"Little Martha" was the only Allman Brothers Band track written solely by group leader and partial namesake Duane Allman.  The song first appeared as the final studio track on the Allman Brothers Band's fourth album, Eat a Peach, released in 1972.  The track was recorded in October 1971, a few weeks before Duane Allman's death in a motorcycle accident.

Allman's original recording of the song is a bouncy fingerstyle acoustic guitar instrumental duet with minimal accompaniment.  Allman and bandmate Dickey Betts played the tune on 6-string guitars using open E tuning, one using a flat-top guitar, and one using a resonator guitar.  The song's simple melody and rhythmic counterpoint quickly made it a favorite among fans; acoustic guitar virtuoso Leo Kottke, who often covered the song in performance, once called it "the most perfect guitar song ever written."

Song Origin
The story goes that Allman had a dream where Jimi Hendrix showed him the melody of the tune in a Holiday Inn motel bathroom, using the sink faucet as a guitar fretboard.
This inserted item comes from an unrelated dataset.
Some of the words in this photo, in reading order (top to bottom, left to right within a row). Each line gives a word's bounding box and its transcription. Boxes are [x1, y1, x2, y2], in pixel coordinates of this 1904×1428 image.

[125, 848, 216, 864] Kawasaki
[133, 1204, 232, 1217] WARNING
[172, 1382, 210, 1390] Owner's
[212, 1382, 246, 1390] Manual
Remembering the melody during the October 1971 sessions that produced most of the third side of what would become Eat a Peach, Allman laid down the track, joined only by Dickey Betts and bassist Berry Oakley, though Oakley's part would be mixed out of the final version, leaving the number as a duet for the two guitarists. (Oakley's part would be restored on the 1989 box set Dreams.)
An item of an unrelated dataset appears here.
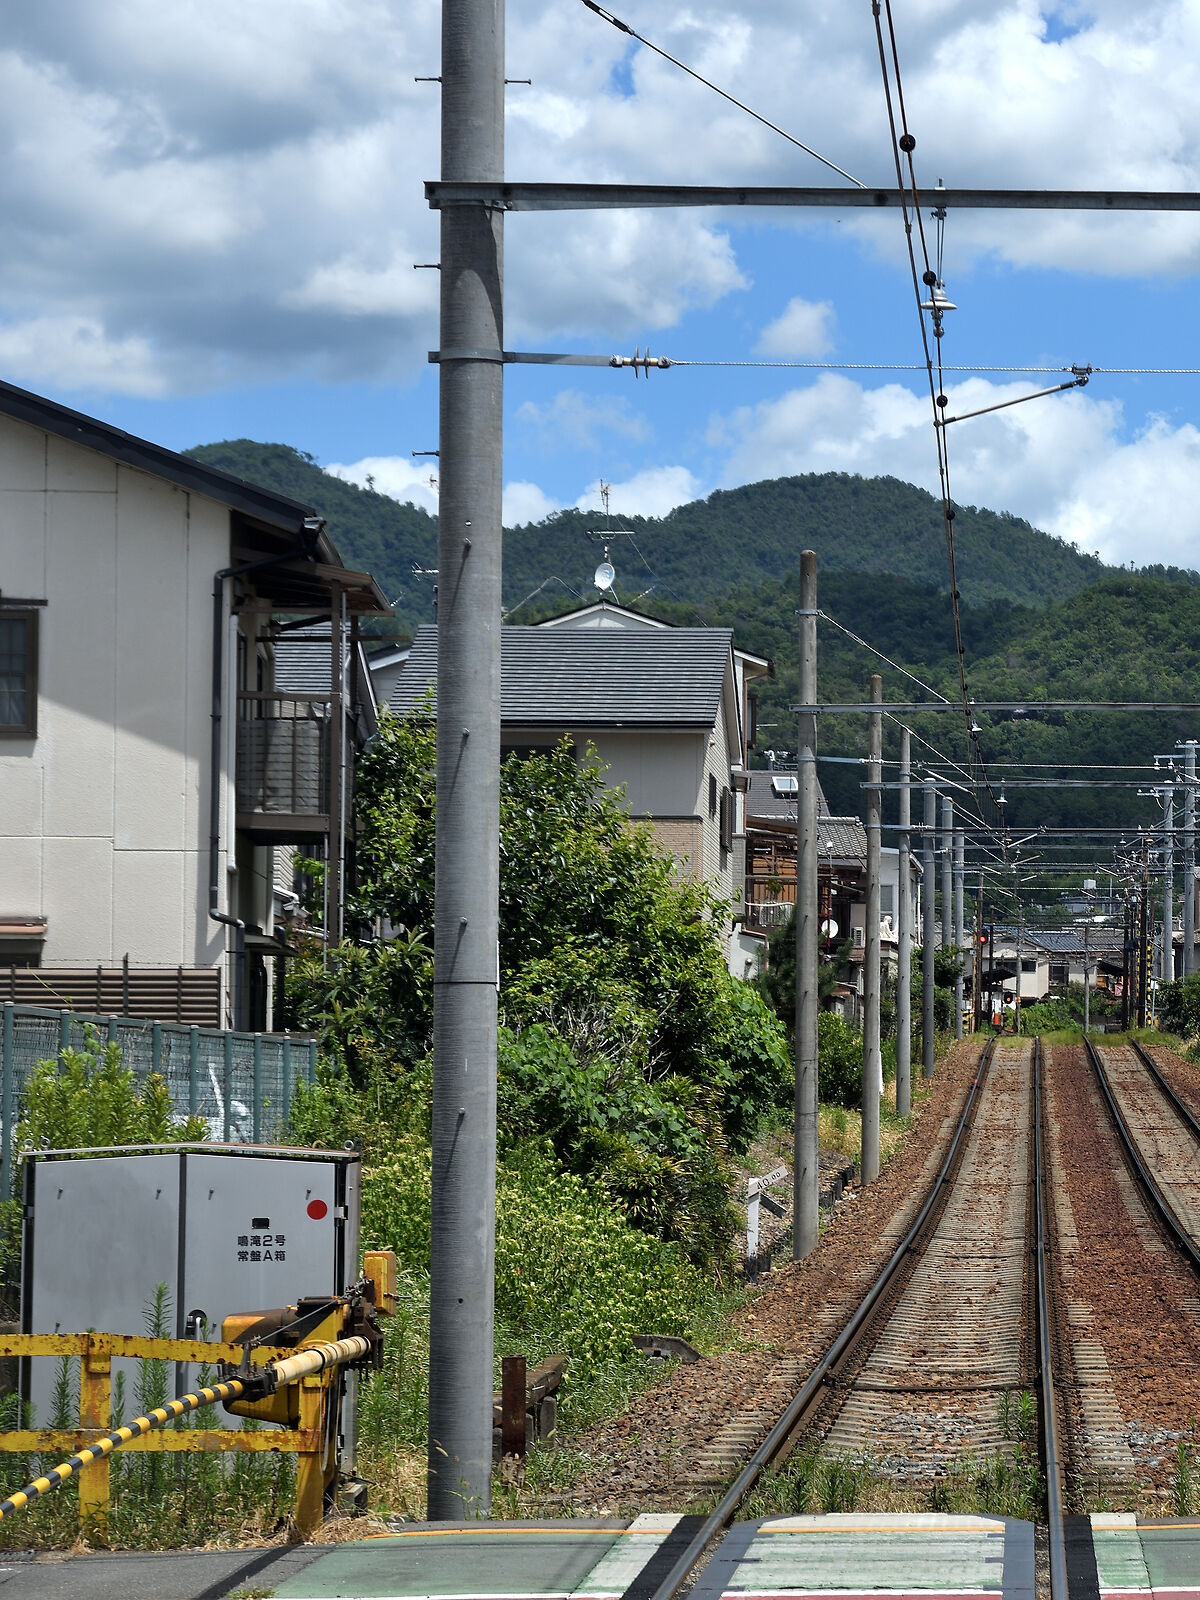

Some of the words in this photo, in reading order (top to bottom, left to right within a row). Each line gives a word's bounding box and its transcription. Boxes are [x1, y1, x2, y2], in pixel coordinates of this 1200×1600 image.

[237, 1234, 286, 1247] 鳴滝2号
[237, 1250, 286, 1262] 常盤A箱
It is commonly believed that the song's namesake was Martha Ellis, a twelve-year-old girl whose grave the Allman Brothers Band most likely came across during their frequent trips to Rose Hill Cemetery in their homebase of Macon, Georgia. The approximate geographic coordinates of the statue are  32°50'55.55"N,  83°38'2.21"W. (Both Duane Allman himself and Berry Oakley would be buried there by the end of 1972.)  However, as with Dickey Betts' 1970 instrumental "In Memory of Elizabeth Reed", the song seems to have been named for one person, while actually being about someone else.  Little Martha was envisioned by Allman as an ode to his then-girlfriend Dixie Meadows.  He had given her the pet name of Martha because of the vintage clothing she sometimes wore - Duane saying "you look like Martha Washington."  After Allman's death, Meadows sued unsuccessfully for control of his estate.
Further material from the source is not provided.